- **PROBLEM REQUIREMENTS**: Please repeat the records word for word and skip the pictures.

Referring expression grounding data:
§ §
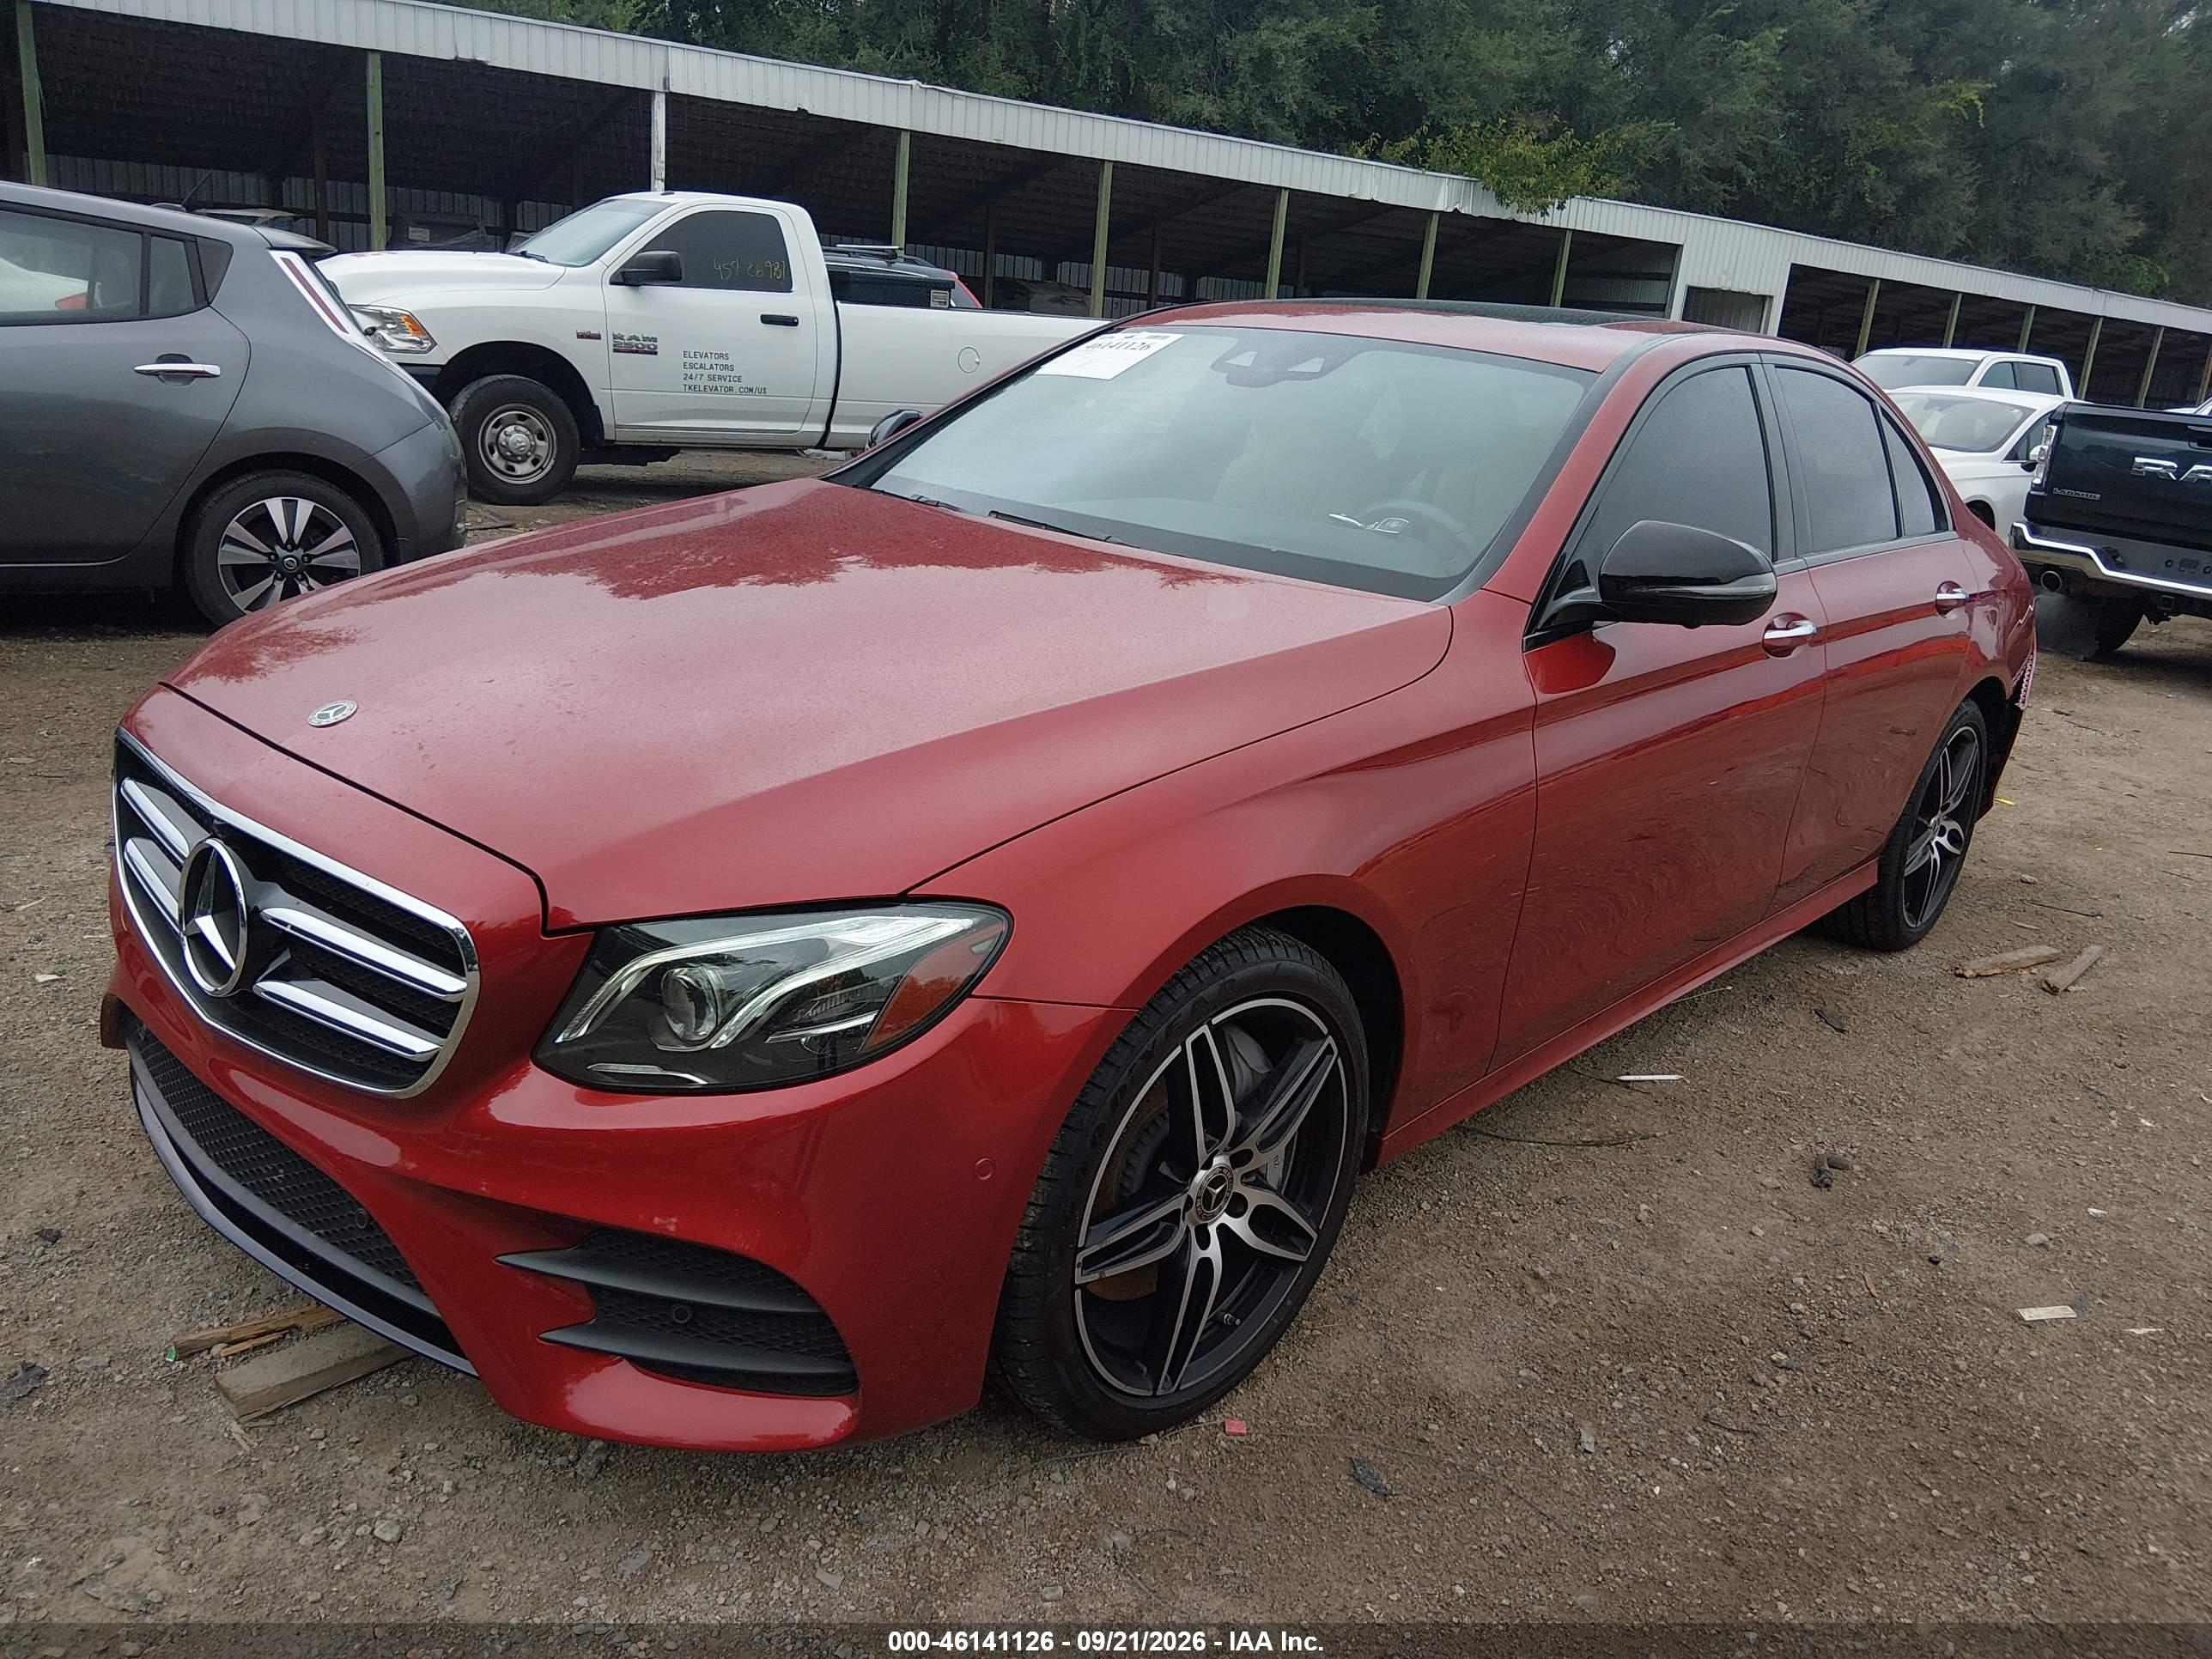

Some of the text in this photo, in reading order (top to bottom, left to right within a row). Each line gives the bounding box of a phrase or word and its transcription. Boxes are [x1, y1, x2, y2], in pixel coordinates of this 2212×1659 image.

[612, 332, 658, 343] RAM
[612, 341, 658, 350] 2500
[683, 350, 730, 361] ELEVATORS
[683, 362, 735, 372] ESCALATORS
[683, 373, 743, 383] 24/7 SERVICE
[683, 384, 767, 395] TKELEVATOR.COM/US
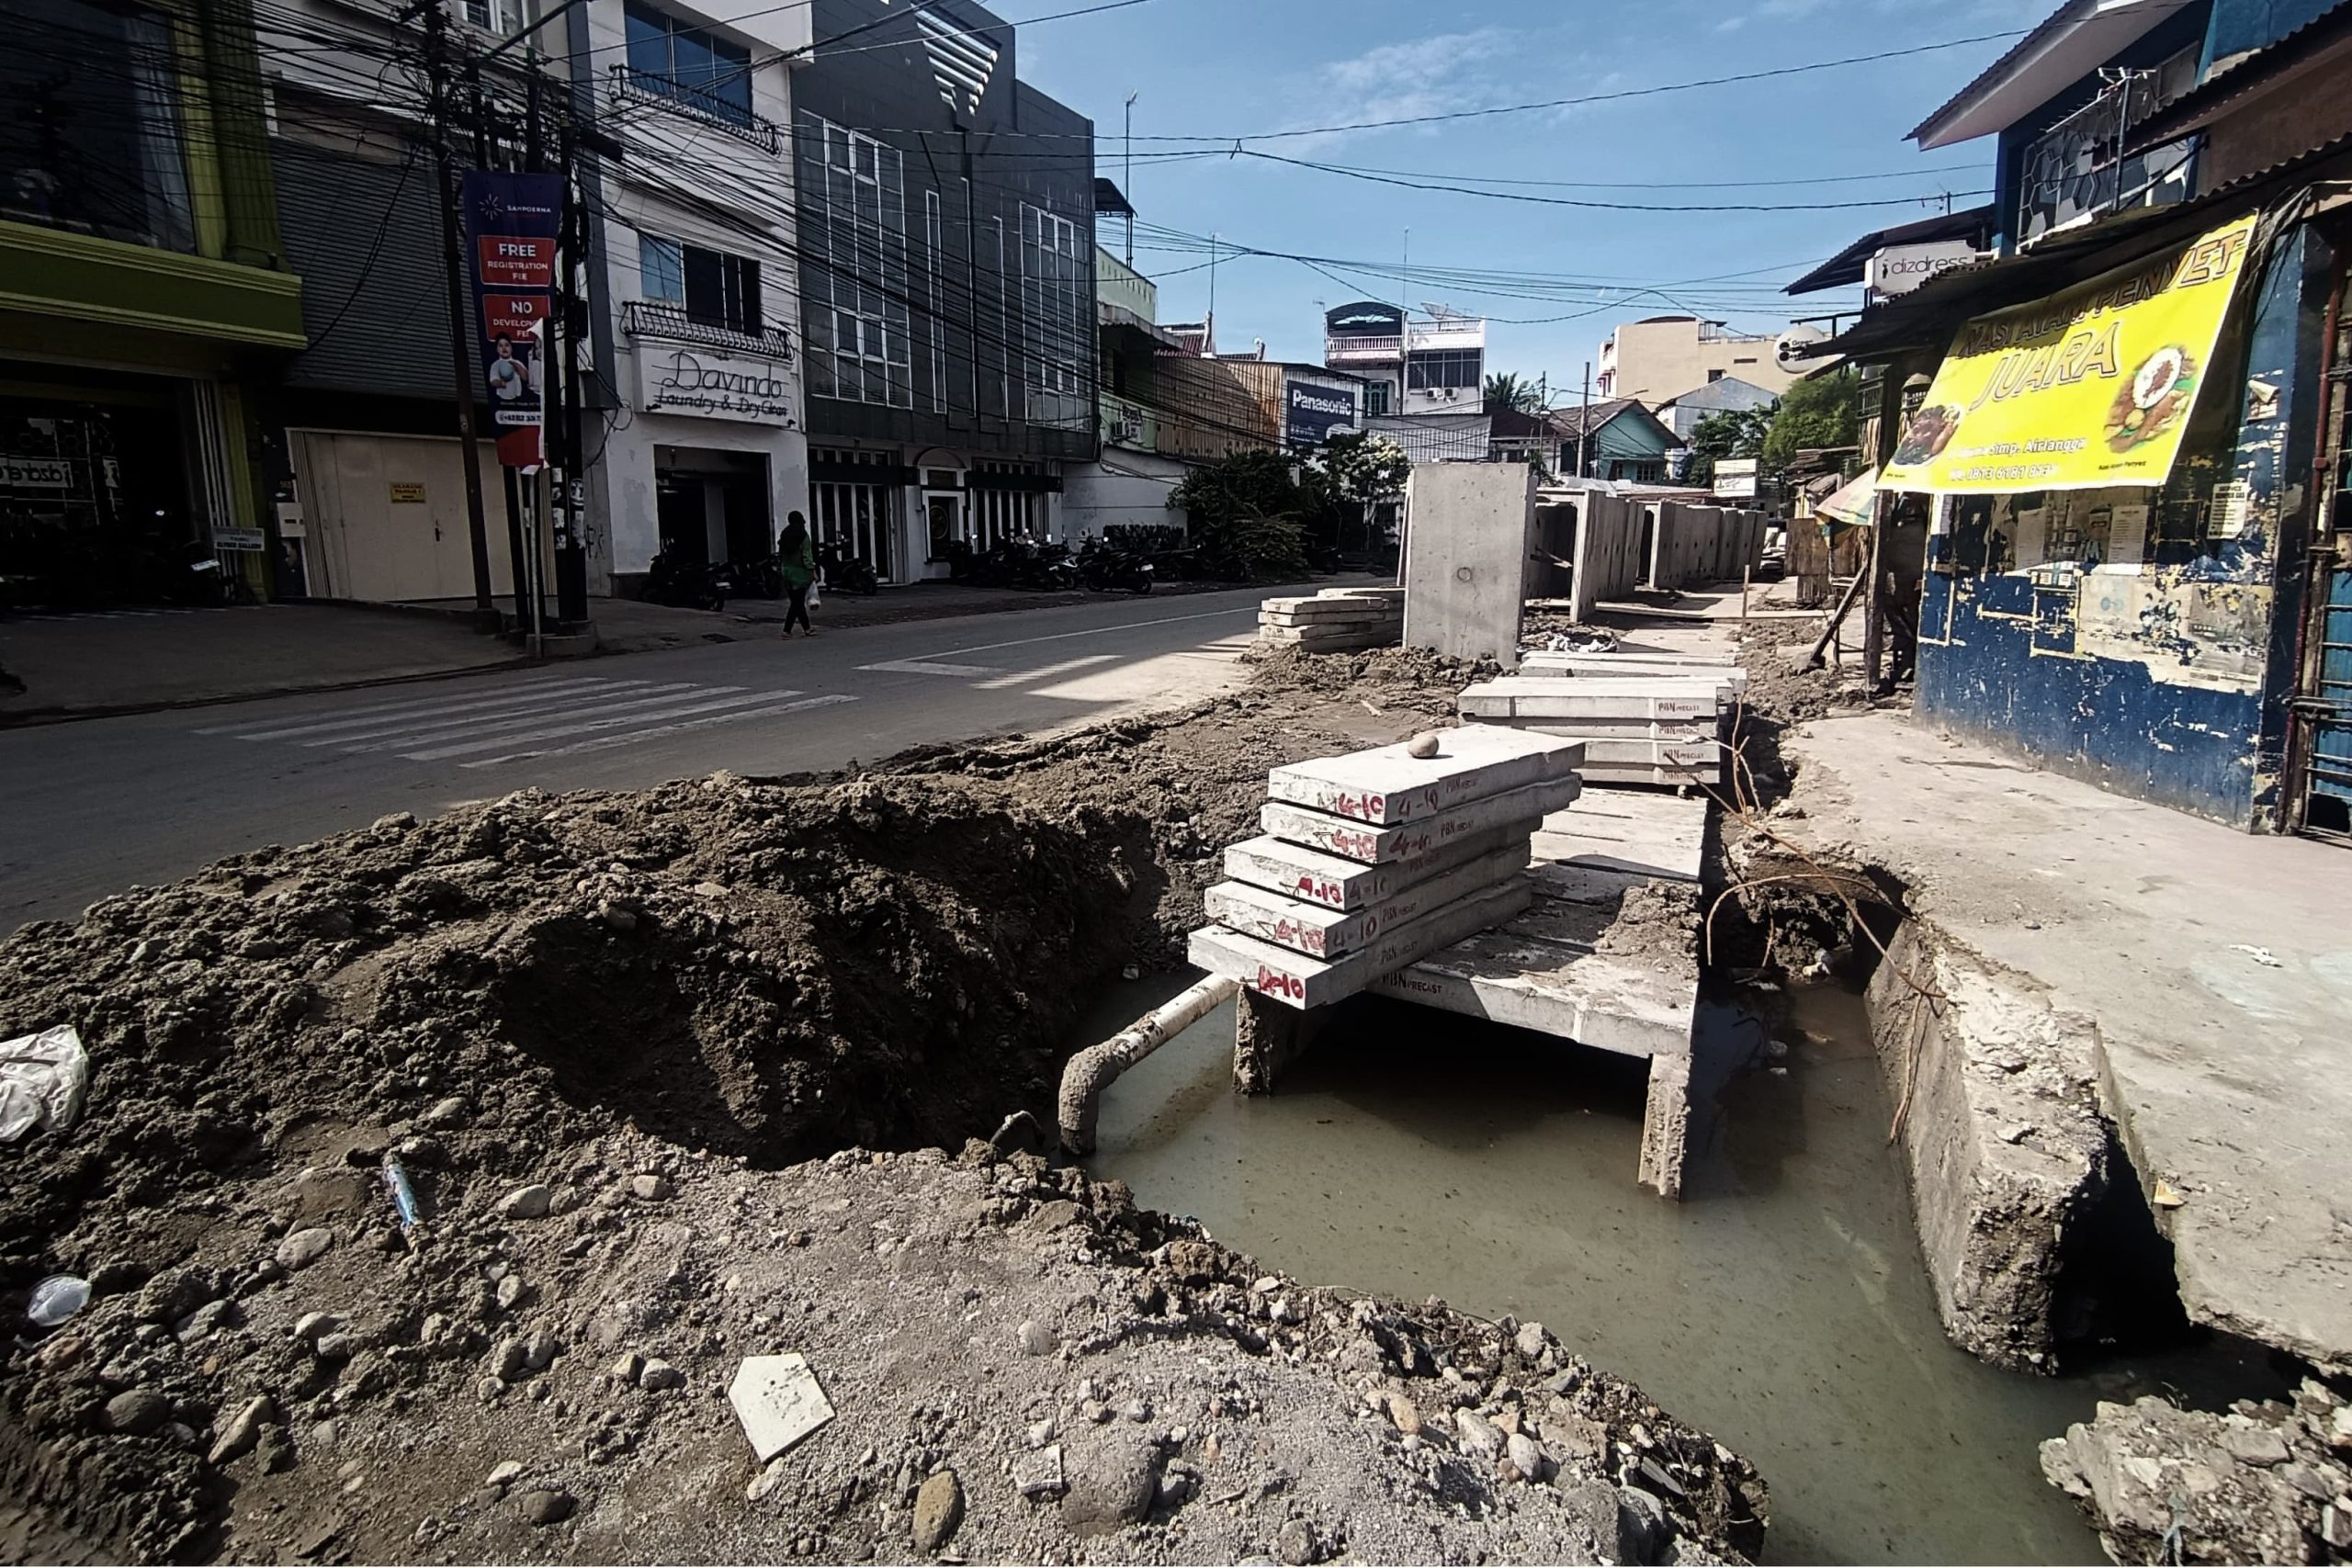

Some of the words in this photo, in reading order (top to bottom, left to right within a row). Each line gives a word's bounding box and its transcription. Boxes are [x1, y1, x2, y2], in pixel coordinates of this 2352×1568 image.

[507, 205, 551, 214] SAMPOERNA
[499, 243, 537, 257] FREE
[487, 260, 548, 270] REGISTRATION
[1891, 255, 1969, 275] dizdress
[2094, 229, 2249, 316] PENYET
[511, 301, 533, 314] NO
[662, 349, 782, 399] Davindo
[1968, 321, 2121, 412] JUARA
[659, 387, 716, 414] Laundry
[721, 394, 733, 411] &
[1293, 389, 1351, 416] Panasonic
§ §
- **FINAL ANSWER**:
Some of the text in this photo, in reading order (top to bottom, left to right within a row). Each line gives the bounding box of a phrase or word and its transcription. Boxes are [x1, y1, x2, y2], in pixel coordinates of this 2212×1659 image.

[612, 332, 658, 343] RAM
[612, 341, 658, 350] 2500
[683, 350, 730, 361] ELEVATORS
[683, 362, 735, 372] ESCALATORS
[683, 373, 743, 383] 24/7 SERVICE
[683, 384, 767, 395] TKELEVATOR.COM/US

Some of the words in this photo, in reading order (top to bottom, left to right within a row). Each line gives a word's bounding box and its transcription. Boxes are [x1, y1, x2, y2], in pixel coordinates of this 2352×1568 image.

[507, 205, 551, 214] SAMPOERNA
[499, 243, 537, 257] FREE
[487, 260, 548, 270] REGISTRATION
[1891, 255, 1969, 275] dizdress
[2094, 229, 2249, 316] PENYET
[511, 301, 533, 314] NO
[662, 349, 782, 399] Davindo
[1968, 321, 2121, 412] JUARA
[659, 387, 716, 414] Laundry
[721, 394, 733, 411] &
[1293, 389, 1351, 416] Panasonic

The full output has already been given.